I'm a pessimist. I have always been a pessimist. I'm the sort of pessimist that looks at a glass and unequivocally states "Half Empty!" and then proceeds to look for a leak on the bottom. Optimists annoy me. Pessimists are always annoyed by optimism. It's the same sort of annoyance a super model must feel when watching portly people eat whatever they want, or a liberal feels when Dick Cheney is about to open his mouth to say something. It's the annoyance of witnessing something that discredits the very core of your id; it makes you cringe.

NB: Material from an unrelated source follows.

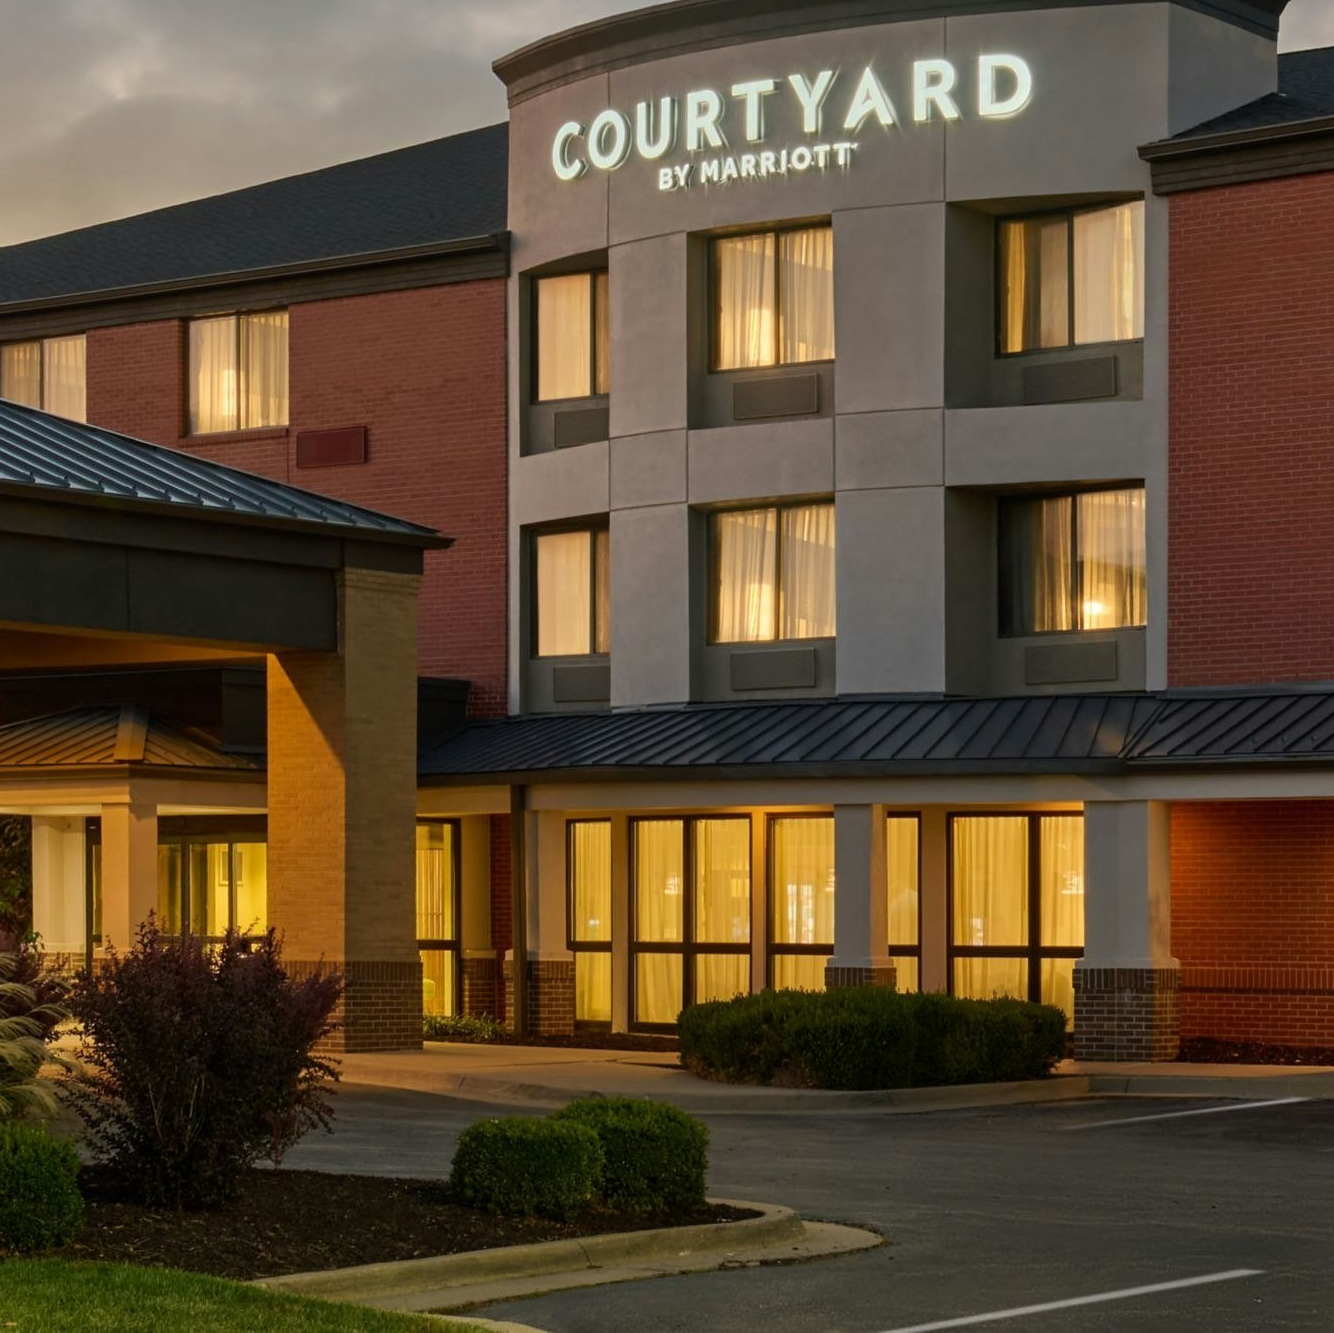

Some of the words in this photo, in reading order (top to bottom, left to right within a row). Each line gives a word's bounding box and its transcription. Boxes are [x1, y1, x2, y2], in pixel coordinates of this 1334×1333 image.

[552, 53, 1033, 180] COURTYARD
[658, 164, 691, 190] BY
[700, 141, 853, 184] MARRIOTT

My brother is an optimist and I've spent some time thinking about how two genetically similar people could be so opposite in this sense. The obvious and well-established answer is "perception". It boils down to a matter of a positive or negative perception of one's very existence. I wondered why, and this is what I concluded: I'm a pessimist because I perceive my memories as things I have lost, not as things that I have and carry with me always. A happy memory is not something I have and treasure, it is the shadow of what I have lost. And so all optimism is tainted by the fact that what is positive today will be lost into a memory in the future.
Becoming an optimist would be as simple as realizing that memories are treasured positions and not mournful reminders of what has been lost. I started working on that realization, but then Dick Cheney came on TV... said something... I got annoyed... anyway, I'll do it tomorrow. Oh, did I mention I'm also a procrastinator?